Today I saw a photo online somewhere in an article and it all hit me at once-- why am I here? If I want to be somewhere else, why am I not there? I don't have anything holding me back. My contract is up for renewal in March, but I'm not interested in staying. If this school was anywhere but Jasper, I would consider it, but I'm not about to settle down here and it's not like there is anyone to settle down with anyway.
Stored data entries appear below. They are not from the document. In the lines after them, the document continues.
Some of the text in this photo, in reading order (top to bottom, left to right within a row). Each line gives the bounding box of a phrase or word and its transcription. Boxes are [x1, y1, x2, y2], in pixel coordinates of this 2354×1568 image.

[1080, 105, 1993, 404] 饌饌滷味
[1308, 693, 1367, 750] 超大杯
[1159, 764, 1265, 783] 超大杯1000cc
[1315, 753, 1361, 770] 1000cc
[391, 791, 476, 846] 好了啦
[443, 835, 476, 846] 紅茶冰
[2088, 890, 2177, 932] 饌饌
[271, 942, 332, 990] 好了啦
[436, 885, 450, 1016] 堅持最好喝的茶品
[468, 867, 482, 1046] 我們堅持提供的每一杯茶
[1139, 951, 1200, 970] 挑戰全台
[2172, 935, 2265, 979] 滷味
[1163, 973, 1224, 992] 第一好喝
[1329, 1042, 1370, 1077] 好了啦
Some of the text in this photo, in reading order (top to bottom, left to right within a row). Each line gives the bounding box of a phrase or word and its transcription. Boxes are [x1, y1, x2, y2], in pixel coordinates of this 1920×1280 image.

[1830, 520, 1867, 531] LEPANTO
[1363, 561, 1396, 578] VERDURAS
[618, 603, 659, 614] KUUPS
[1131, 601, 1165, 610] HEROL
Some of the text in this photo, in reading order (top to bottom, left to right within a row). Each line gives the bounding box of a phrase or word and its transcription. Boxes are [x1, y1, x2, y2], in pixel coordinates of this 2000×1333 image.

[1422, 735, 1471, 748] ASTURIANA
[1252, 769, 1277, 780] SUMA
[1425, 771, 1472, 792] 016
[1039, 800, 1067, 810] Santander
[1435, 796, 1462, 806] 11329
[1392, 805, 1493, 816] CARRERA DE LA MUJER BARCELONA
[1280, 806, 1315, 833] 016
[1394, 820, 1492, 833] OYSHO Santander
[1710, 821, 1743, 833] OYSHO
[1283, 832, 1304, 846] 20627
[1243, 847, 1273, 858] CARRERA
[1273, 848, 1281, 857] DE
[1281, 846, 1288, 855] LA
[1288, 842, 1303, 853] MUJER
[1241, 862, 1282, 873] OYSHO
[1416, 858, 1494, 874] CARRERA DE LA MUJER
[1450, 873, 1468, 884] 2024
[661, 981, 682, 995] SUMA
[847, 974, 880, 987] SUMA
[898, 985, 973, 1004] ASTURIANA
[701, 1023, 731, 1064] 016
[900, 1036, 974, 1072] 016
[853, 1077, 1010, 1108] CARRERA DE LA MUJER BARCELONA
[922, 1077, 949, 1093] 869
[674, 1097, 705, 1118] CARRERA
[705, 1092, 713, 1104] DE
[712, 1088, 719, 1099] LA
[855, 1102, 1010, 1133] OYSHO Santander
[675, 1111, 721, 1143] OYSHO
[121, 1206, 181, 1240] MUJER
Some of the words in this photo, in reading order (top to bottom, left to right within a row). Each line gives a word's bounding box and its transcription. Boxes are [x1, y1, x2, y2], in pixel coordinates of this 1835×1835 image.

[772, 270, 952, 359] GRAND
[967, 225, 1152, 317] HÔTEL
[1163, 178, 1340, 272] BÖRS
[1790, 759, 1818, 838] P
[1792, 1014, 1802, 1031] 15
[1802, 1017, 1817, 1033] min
I want to move to New Mexico. If my friends are reading this, I know they will tease me and say it's because I have this romantic notion that everything will fall into place for me out there with an old friend. Maybe that is on my mind a little. Maybe I do wonder sometimes, even if it has been almost 7 years now (geez, that's a long time!). And I know that person isn't interested in me like that, but I also know deep down that he would probably be open to it if the timing was right. I don't know what I want as far as that goes, and I don't know what he wants, but I do know that I miss being closer than we are and that would be an added bonus. But most of all, those who truly know me know that I am in love with the mountains, the desert, the big wide open sky. It's so blue it makes you want to cry, seriously. That was what did it today; I saw a picture of a piece of Southwestern sky and lost it. Maybe I'm a sucker for adventure. But you know what? At least I would be living. I have money now, I have a good job, I have health insurance, but none of it matters if you don't have friends to share it with and you are in a place you don't really like. Don't get me wrong, I love the woods here, but I don't know if I'm hardcore enough to go hiking on my own, and I'm not sure where to go to hike anyway.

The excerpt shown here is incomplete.